Process of clinical dendritic cell (DC) vaccination in patients with multiple myeloma. The DCs of patients with multiple myeloma (MM) are functionally impaired because of the tumor microenvironment. DCs cultured ex vivo and used to vaccinate MM patients can overcome the immune dysregulation. Monocytes obtained from patients with MM are differentiated into immature DCs during their in vitro culture with interleukin 4 (IL-4) and granulocyte-macrophage colony-stimulating factor (GM-CSF). Immature DCs are then maturated with various stimuli (cytokines, cluster of differentiation 40 ligand [CD40L], survival factors or toll-like receptor [TLR] agonist) and loaded with various tumor-associated antigens using techniques such as the administration of peptides and proteins with immune adjuvants, tumor cell lysates, fusion protein, tumor cells manipulated to express cytokines, tumor cell apoptotic bodies, DNA and RNA encoding an antigen, or viral-based vectors to express antigen in the context of co-stimulatory molecules. Multiple modalities with adjuvants, immunomodulatory drugs, checkpoint blockades, and other therapeutic agents are necessary to enhance the efficacy of DC vaccination and, thus, suppress the tumor microenvironment. Numerous variables, such as dose, frequency, and route of DC vaccination also need to be optimized to induce an MM specific immune response effectively in both primary and secondary lymphoid organs. CTL, cytotoxic T lymphocyte.

Figure 3.

Scheme of genetically engineered T-cell therapy in patients with multiple myeloma (MM). T-cells were isolated from the peripheral blood of patients with MM via apheresis and then transfected with the genes containing chimeric antigen receptor (CAR)-based tumor antigen by lentiviral, gammaretroviral or transposon/transposase approaches. Adoptive transfer of in vitro generated autologous CAR T-cells was conducted in patients with or without prior lymphodepletion. TCR, T-cell receptor.

Figure 4.

The generations of chimeric antigen receptor T-cells.
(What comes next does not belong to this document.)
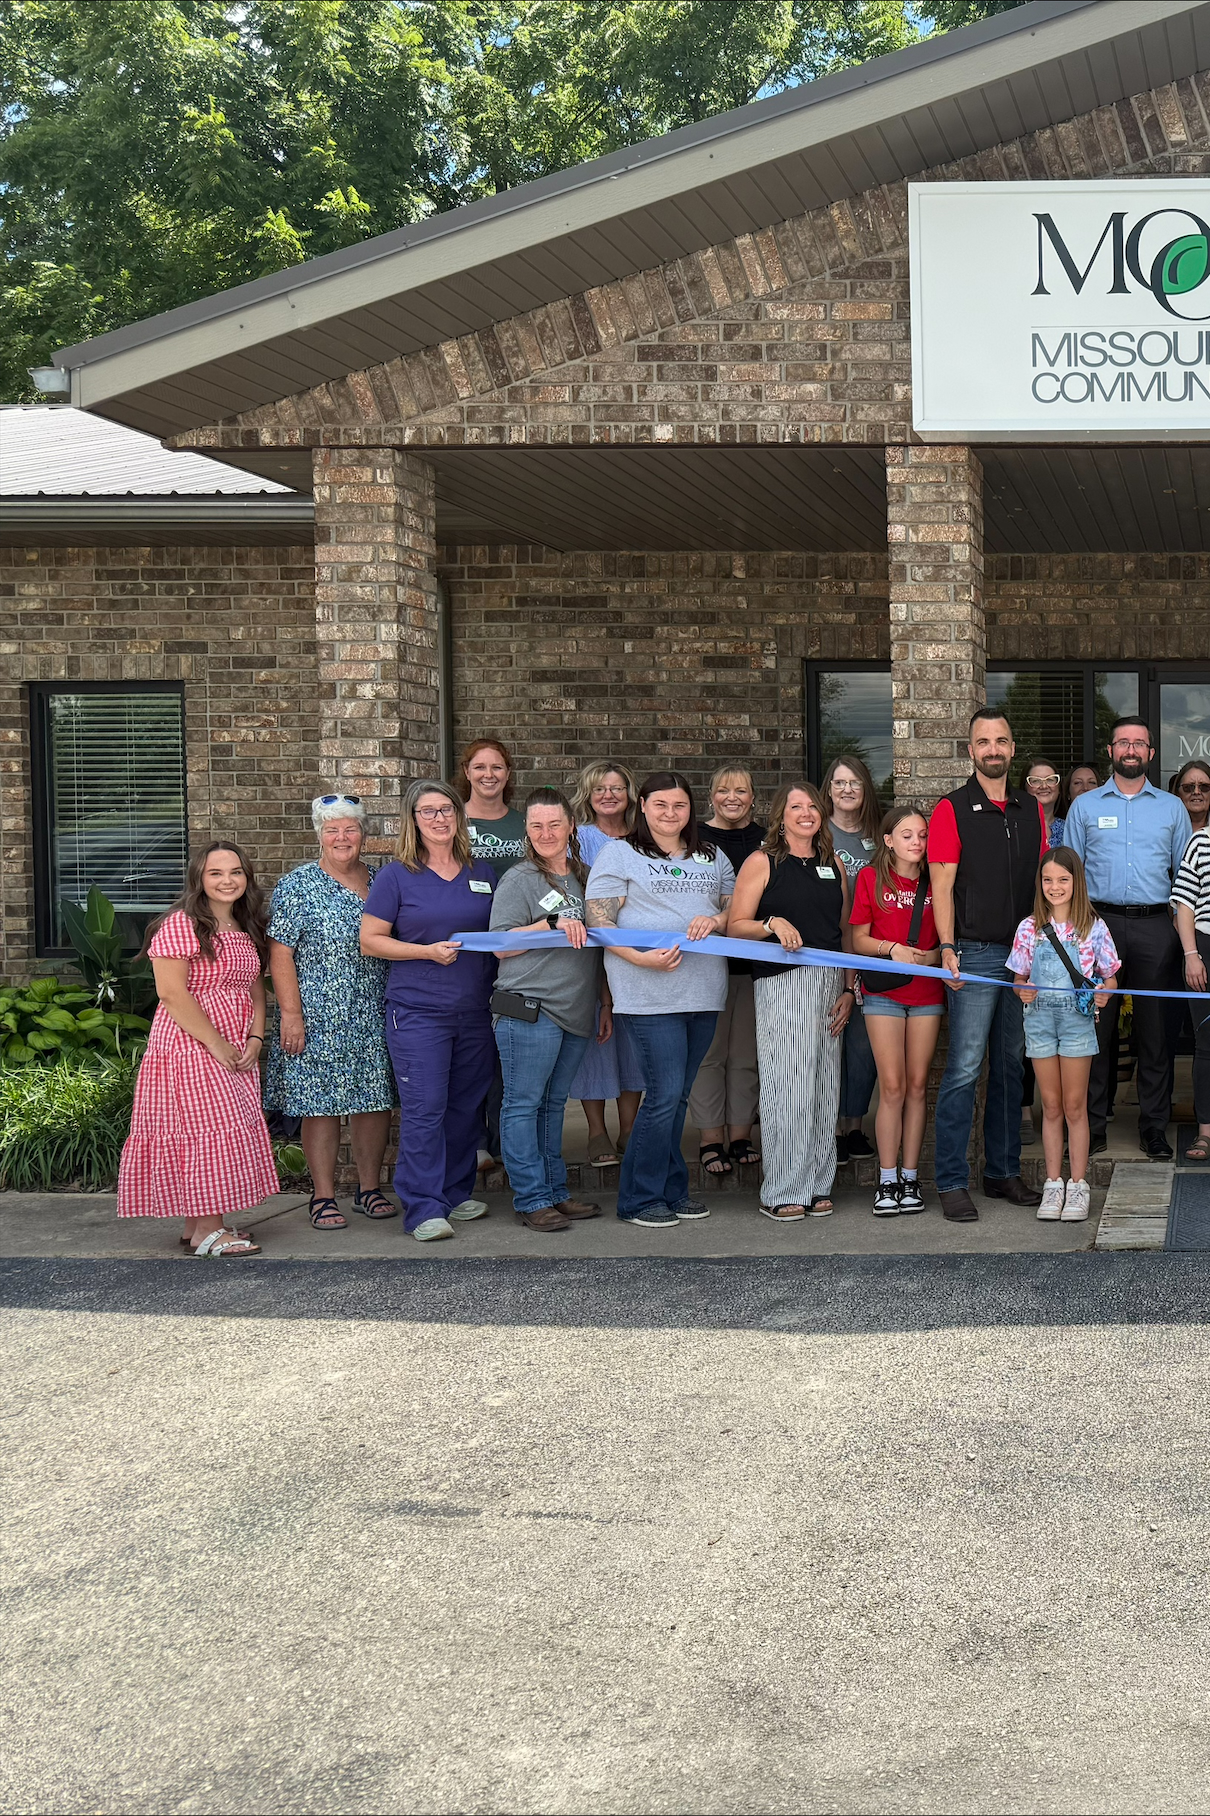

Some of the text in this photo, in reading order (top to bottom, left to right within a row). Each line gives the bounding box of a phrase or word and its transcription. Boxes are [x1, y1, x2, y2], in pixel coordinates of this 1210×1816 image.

Chimeric antigen receptors (CARs) target tumor antigen independently of major histocompatibility complex I (MHC-I). They consist of an ectodomain, a hinge domain, a transmembrane domain, and an endodomain. First-generation CARs consisted of single chain variable fragment (scFv) (light chain variable region [VL] and heavy chain variable region [VH]) and cluster of differentiation 3ζ (CD3ζ) alone. Second-generation CARs were generated to mediate T-cell activation by the immunoreceptor tyrosine-based activation motif (ITAM) of the CD3ζ chain with a single costimulatory molecule, either CD28 or 4-1BB. Improved third-generation CARs were generated by combining the ITAM of CD3ζ chain with two costimulatory molecules, such as CD27 plus 4-1BB or CD28 plus OX40.

Figure 5.

Recent therapeutic approaches to enhance natural killer (NK) cytotoxicity against multiple myeloma (MM). This schematic shows how various therapeutic agents modulate NK cell-mediated cytotoxicity to target myeloma cells. Suppressive immune cells as well as bone marrow stromal cells (BMSCs) inside the tumor microenvironment are negative regulators of NK cell activation. The MM cells themselves develop several strategies to evade NK-cell-mediated killing. New immune modulators, including immunomodulatory drugs (iMiDs), immune checkpoint inhibitors, such as anti-programmed cell death 1 (PD-1)/PD-L1, anti-NKG2A, anti-TIGIT blocking antibodies, and proteasome inhibitors, target and suppress immunosuppressive factors in the MM microenvironment and enhance the cytotoxic effect of NK cells to kill MM cells. In addition, the antibodies used to treat MM, such as elotuzumab and daratumumab, induce NK cell-mediated antibody-dependent cellular cytotoxicity (ADCC). TIGIT, T cell immunoreceptor with Ig and ITIM domains; CD16, cluster of differentiation 16; NKG2A, natural killer G2A; MDSC, myeloid-derived suppressor cell; MHC, major histocompatibility complex.